Terrain::Terrain() {

	land = 0;
	width = 0;
	height = 0;
	pindices[0] = 0;
	pindices[1] = 1;
	pindices[2] = 2;

	MyVertex pvertex[3];
	//VERTEX 0
	pvertex[0].x = 0.0;
	pvertex[0].y = 0.0;
	pvertex[0].z = 0.0;
	pvertex[0].nx = 0.0;
	pvertex[0].ny = 0.0;
	pvertex[0].nz = 1.0;
	pvertex[0].s0 = 0.0;
	pvertex[0].t0 = 0.0;
	//VERTEX 1
	pvertex[1].x = 1.0;
	pvertex[1].y = 0.0;
	pvertex[1].z = 0.0;
	pvertex[1].nx = 0.0;
	pvertex[1].ny = 0.0;
	pvertex[1].nz = 1.0;
	pvertex[1].s0 = 1.0;
	pvertex[1].t0 = 0.0;
	//VERTEX 2
	pvertex[2].x = 0.0;
	pvertex[2].y = 1.0;
	pvertex[2].z = 0.0;
	pvertex[2].nx = 0.0;
	pvertex[2].ny = 0.0;
	pvertex[2].nz = 1.0;
	pvertex[2].s0 = 0.0;
	pvertex[2].t0 = 1.0;

	glGenVertexArrays(1, &vaoID);
	glBindVertexArray(vaoID);
	glGenBuffers(1, &VertexVBOID);
	glBindBuffer(GL_ARRAY_BUFFER, VertexVBOID);
	glBufferData(GL_ARRAY_BUFFER, sizeof(pvertex), &pvertex[0], GL_STATIC_DRAW);
 
	glEnableVertexAttribArray(0);   
	glVertexAttribPointer(0, 3, GL_FLOAT, GL_FALSE, sizeof(MyVertex), BUFFER_OFFSET(0));

	glEnableVertexAttribArray(1);
	glVertexAttribPointer(1, 3, GL_FLOAT, GL_FALSE, sizeof(MyVertex), BUFFER_OFFSET(12));
		 
	glGenBuffers(1, &IndexVBOID);
	glBindBuffer(GL_ELEMENT_ARRAY_BUFFER, IndexVBOID);
	glBufferData(GL_ELEMENT_ARRAY_BUFFER, sizeof(unsigned short)*3, pindices, GL_STATIC_DRAW);


}
void Terrain::drawMap(){

	glDrawElements(GL_TRIANGLES, 3, GL_UNSIGNED_SHORT, BUFFER_OFFSET(0)); 

}

Where is your shader?
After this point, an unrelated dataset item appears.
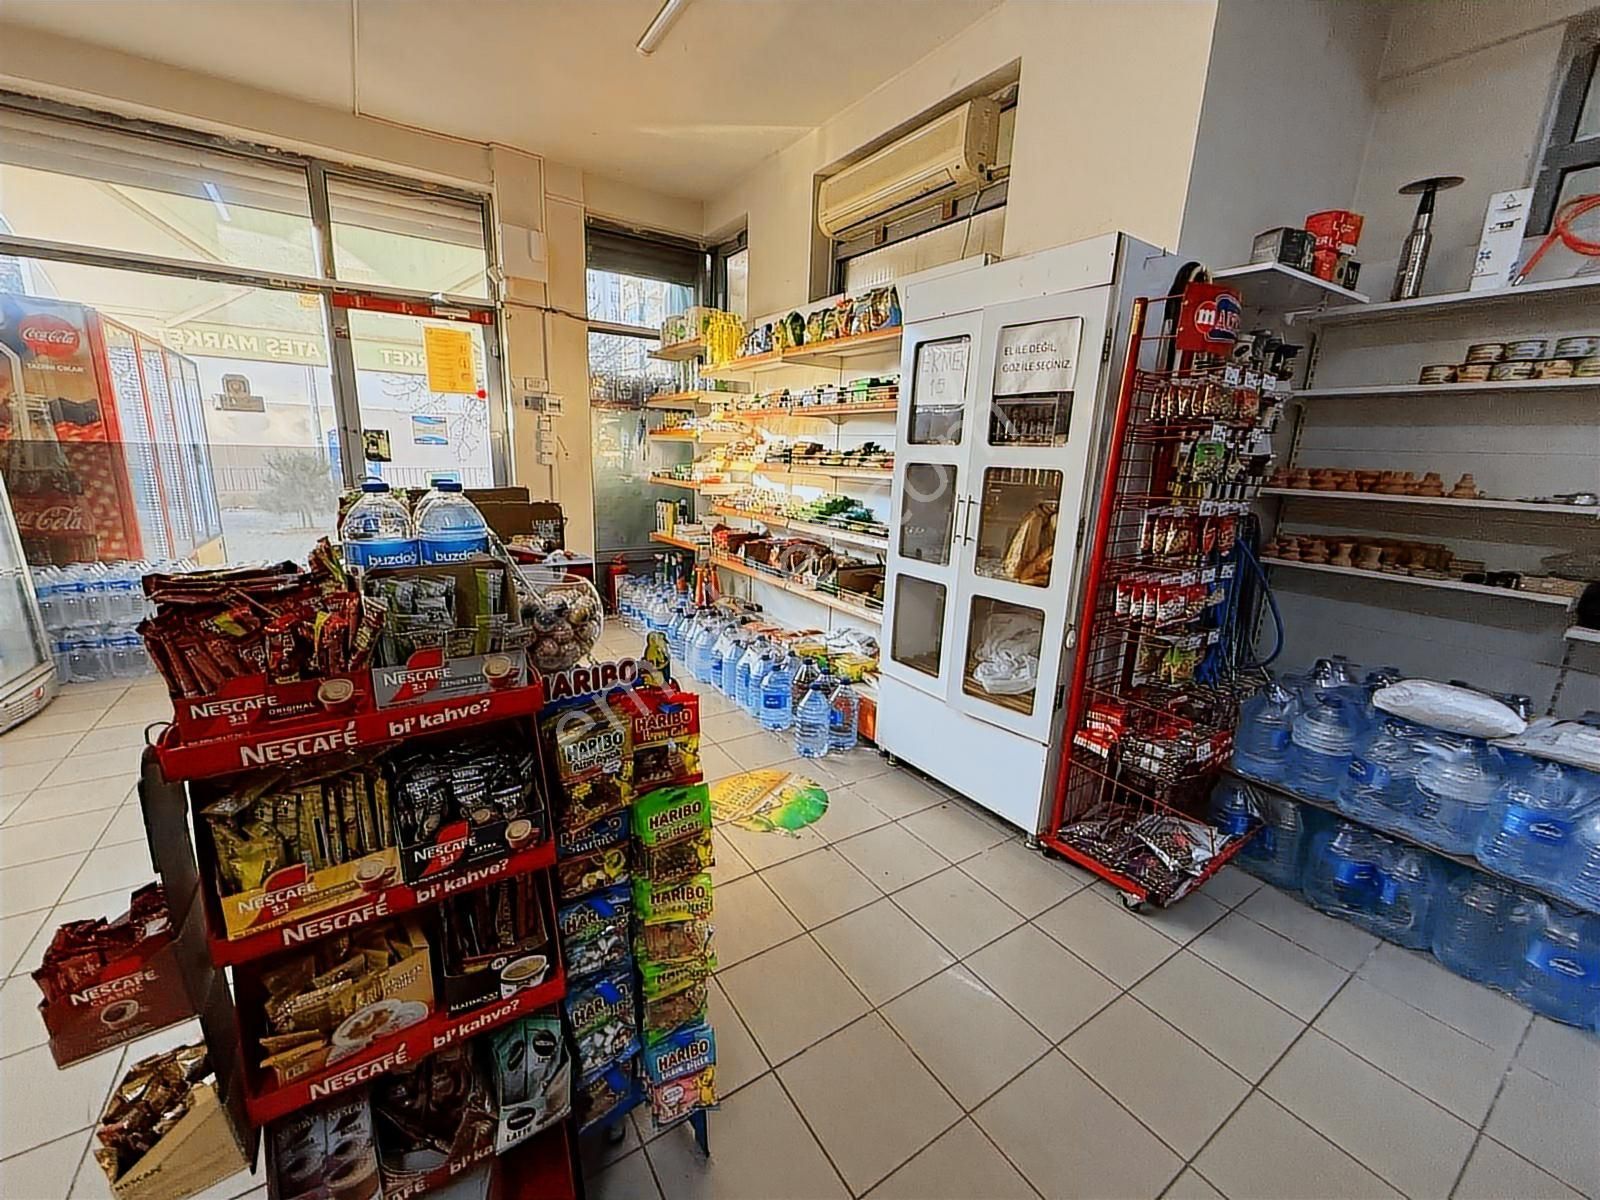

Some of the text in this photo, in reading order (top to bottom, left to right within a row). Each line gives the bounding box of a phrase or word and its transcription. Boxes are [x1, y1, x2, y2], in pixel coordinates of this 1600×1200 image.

Where does 0 and 1 go to? You forgot to bind your VAO when you call glDrawElements.

I didn’t realize you needed a shader and what do you mean by 0 and 1? For binding VA0 do I need to bind that to the buffer seeing that I already binded it to the bindVertexArrays.

You are using glVertexAttribPointer and you are using position 0 for vertices and 1 for normals. How is GL suppose to know what that means? You need to setup a shader.

A VAO just encapsulates all the calls to glBindBuffer and the glVertexAttribPointer calls.